Journal

On Giving a Reading When You Have Nothing Finished

Asked to read at a festival with no new pages to show for it. What I read instead, and what the audience made of the situation.

8 November 2025


The invitation arrived in August. A literary festival, a good one, a slot of thirty minutes on a Saturday afternoon in November. I accepted without thinking about the fact that I had nothing new to read, because writers almost always accept invitations without thinking about the fact that they have nothing new to read.

By October I had to decide what to do. The options were: read from the existing books and explain, or read something new and unfinished and not explain. I chose a third option, which was to read an essay I had written in a notebook three years ago and never shown to anyone, about the experience of waiting for a book to arrive. It was not fiction. It had no ending. I thought it might be interesting.

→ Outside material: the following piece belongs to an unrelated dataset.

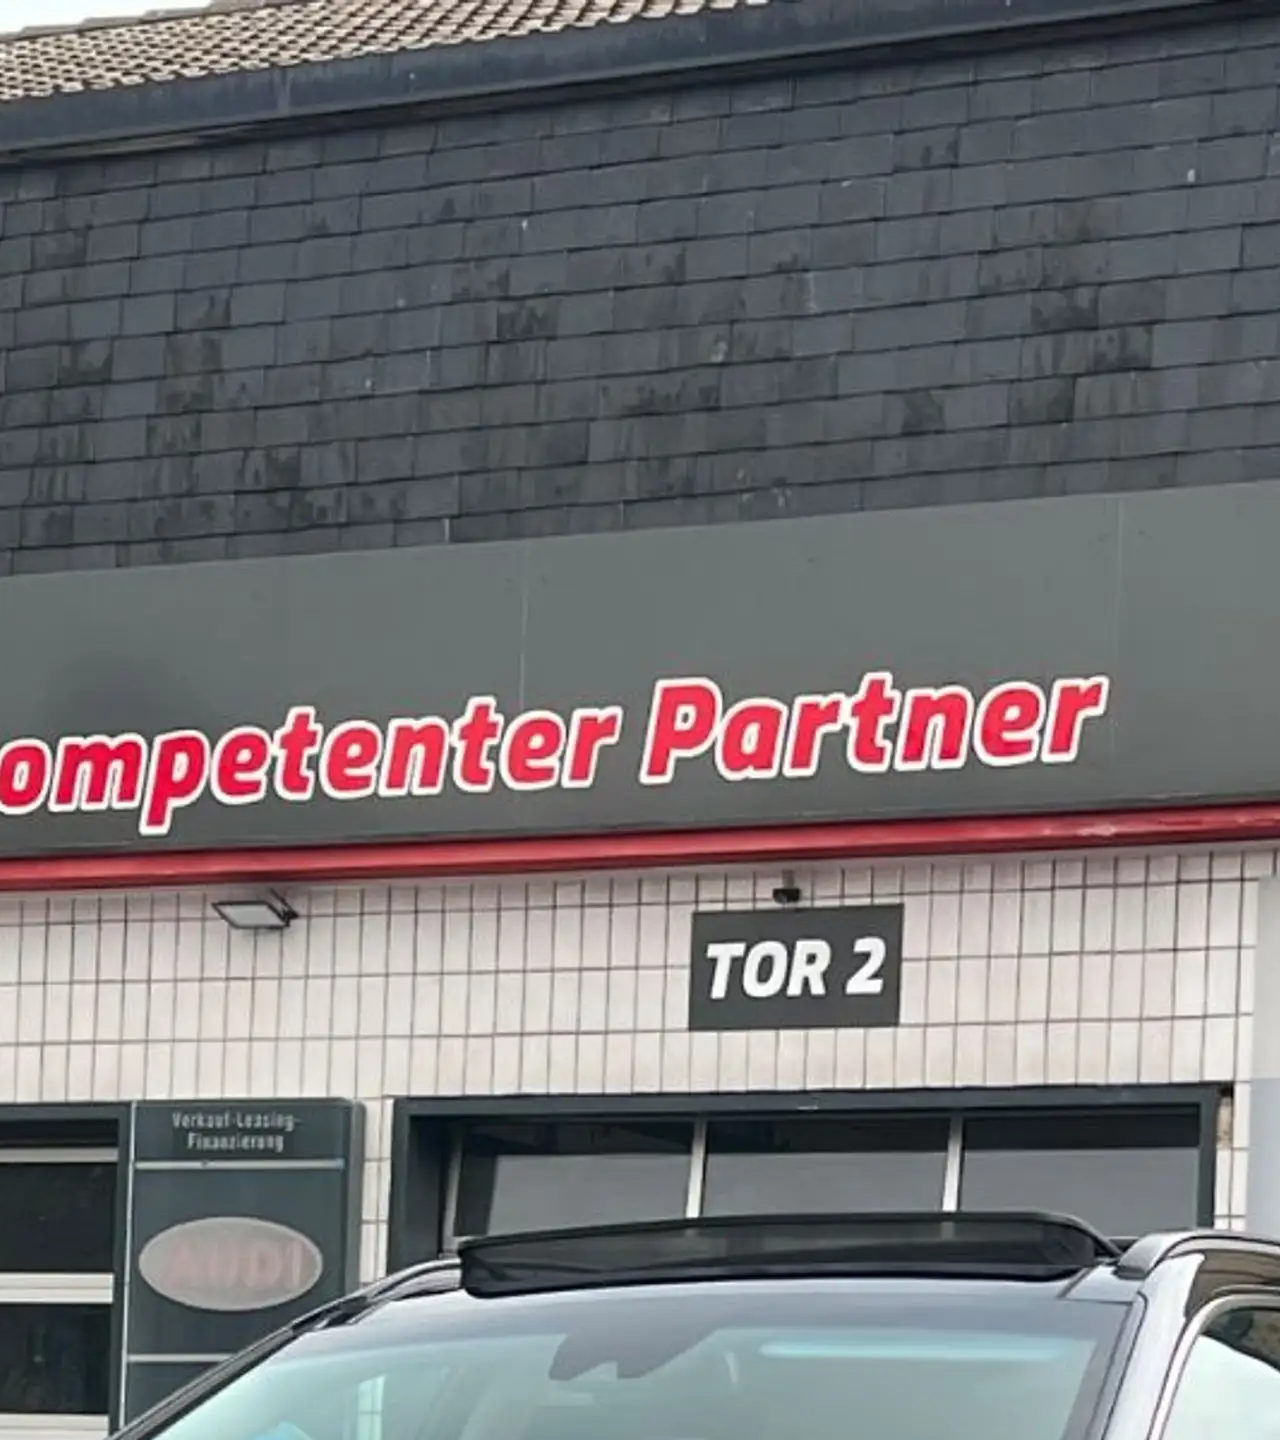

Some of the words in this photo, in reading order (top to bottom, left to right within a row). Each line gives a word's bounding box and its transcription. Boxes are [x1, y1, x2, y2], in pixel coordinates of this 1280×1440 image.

[639, 670, 1109, 785] Partner
[705, 940, 827, 998] TOR
[846, 937, 887, 994] 2

What surprised me — and I say this without false modesty, because I genuinely did not expect it — was how the audience responded. Not with polite attention, the kind that literary festival audiences are skilled at producing, but with something more personal. Afterwards, three people told me about their own waiting: things unfinished, projects suspended, years between one thing and the next. It seems that writing about incompletion is, paradoxically, one of the more complete things you can offer.

I did not tell them the essay had no ending. Or perhaps I did, and they did not mind, or they understood that the absence of an ending was the point. Either way, the thirty minutes passed as thirty minutes at a good reading should: too quickly, with the feeling that something was still to be said.